Dank dem Sieg in Island erkämpfte sich die SFV-Auswahl die erhoffte Ausgangslage für das Rückspiel am 18. November gegen Belgien, wenn es zum Abschluss der Gruppenphase der Nations League gegen die Nummer 1 der Welt um den Einzug in das Final Four geht. Ein 1:0 würde der Schweiz nach dem 1:2 am Freitag in Brüssel reichen, um im Juni um den Titel bei der Premiere des Wettbewerbs zu spielen. Fehlen wird Fabian Schär, der nach der zweiten Gelben Karte gesperrt ist.

Vor seinen Ausführungen zum nächsten Zusammenzug hatte Petkovic die Partie gegen Island ausführlich aufgearbeitet.
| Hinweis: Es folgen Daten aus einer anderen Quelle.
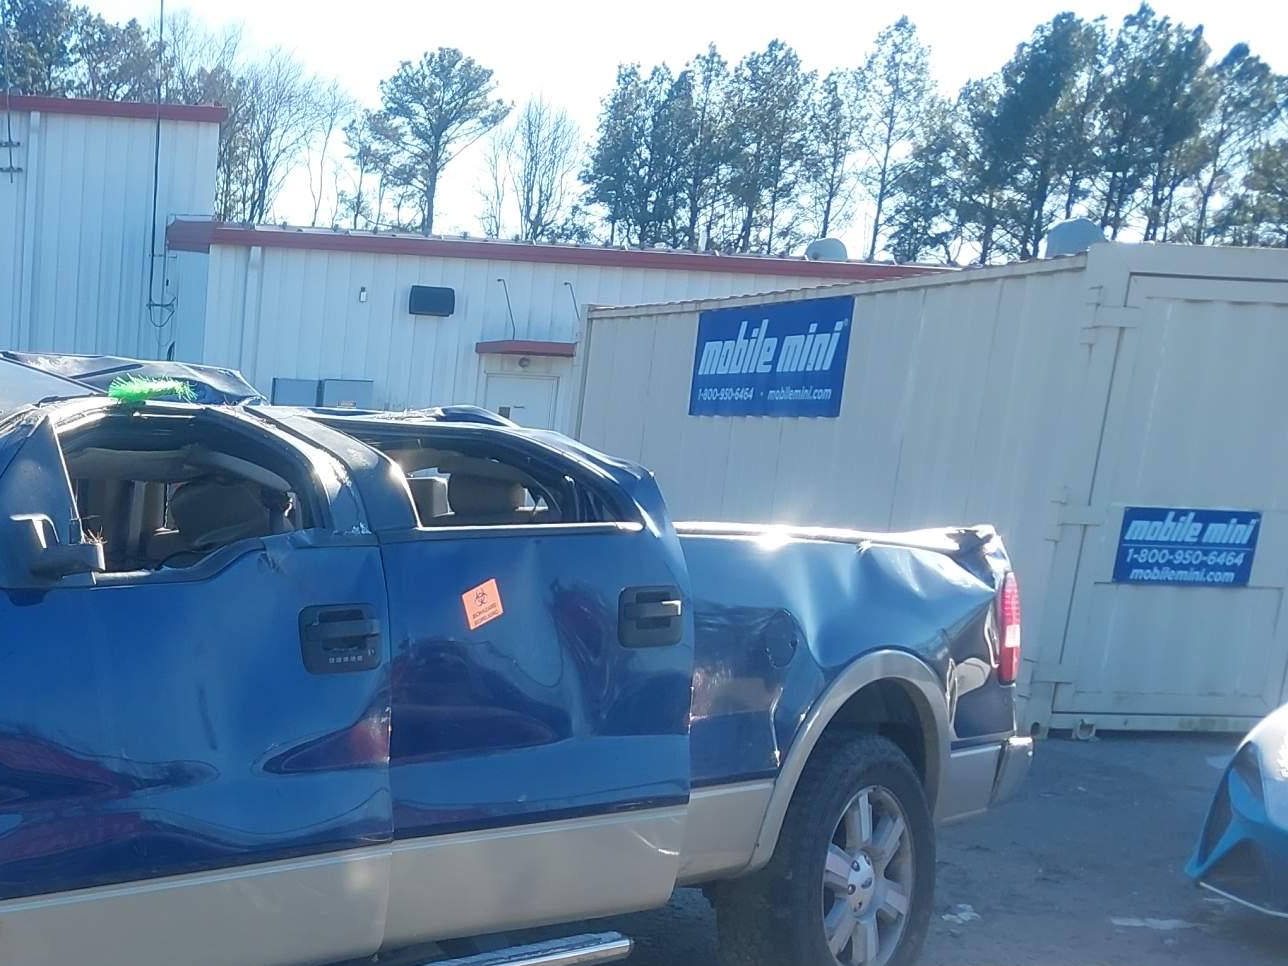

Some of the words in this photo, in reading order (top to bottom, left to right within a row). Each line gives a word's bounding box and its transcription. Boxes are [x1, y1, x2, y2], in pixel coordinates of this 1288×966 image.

[698, 319, 778, 375] mobile
[776, 320, 842, 373] mini
[698, 387, 754, 401] 1-800-950-6464
[767, 385, 832, 401] mobilemini.com
[1124, 511, 1203, 543] mobile
[1202, 518, 1258, 545] mini
[1126, 548, 1245, 567] 1-800-950-6464
[1129, 567, 1235, 583] mobilemini.com
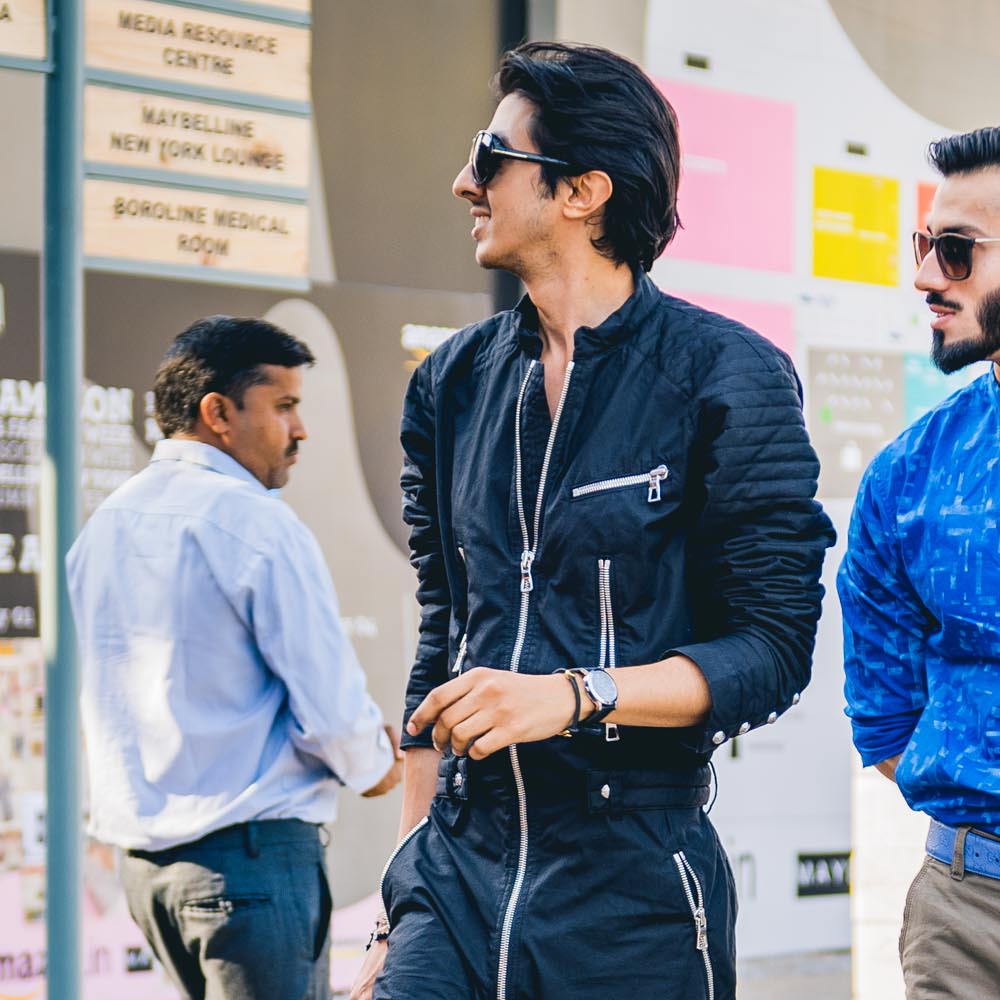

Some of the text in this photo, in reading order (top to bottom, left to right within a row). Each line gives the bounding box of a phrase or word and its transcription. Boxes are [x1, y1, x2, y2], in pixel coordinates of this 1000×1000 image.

[118, 10, 278, 55] MEDIA RESOURCE
[163, 48, 235, 75] CENTRE
[142, 106, 255, 138] MAYBELLINE
[109, 132, 285, 171] NEW YORK LOUNGE
[113, 197, 289, 235] BOROLINE MEDICAL
[177, 234, 229, 256] ROOM
Obwohl die SFV-Auswahl nach dem Anschlusstreffer zehn Minuten vor Schluss stark unter Druck geraten war und etwas Glück bekundete, blieb der Nationaltrainer cool. «Ich wusste, dass wir gewinnen würden.» Ihn ärgerte in erster Linie, dass seine Mannschaft die Partie nicht frühzeitig entschieden hatte - oder dass sie nach dem 1:2 nicht einen dritten Treffer erzielte. «Da müssen wir ruhiger und cleverer bleiben», so Petkovic.

Unzufrieden zeigte er sich auch mit der ersten Halbzeit, in der der Schweiz spielerisch fast nichts gelang. Petkovics Pausenansprache wirkte, die Präzision, die Qualität und das Spielverständnis kehrten zurück. Über weite Strecken der zweiten Halbzeit war die Schweiz das bessere Team, weswegen Petkovic auch von einem verdienten Sieg sprach.
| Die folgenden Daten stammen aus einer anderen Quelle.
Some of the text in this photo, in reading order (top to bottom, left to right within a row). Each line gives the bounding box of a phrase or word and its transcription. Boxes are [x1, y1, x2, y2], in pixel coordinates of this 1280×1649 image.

Um nach zwei Drittel der Partien in diesem Herbst eine Bilanz zu ziehen, sei es noch zu früh. «Es ist aber so, dass wir gegen jeden Gegner unsere Spielidee durchsetzen können, egal in welcher taktischen Formation.» Die neun Tore in den drei Spielen der Nations League hob Petkovic explizit hervor. Und auch der hektischen Schlussphase vermochte der er durchaus etwas Positives abzugewinnen. «Wir müssen auch lernen zu leiden.»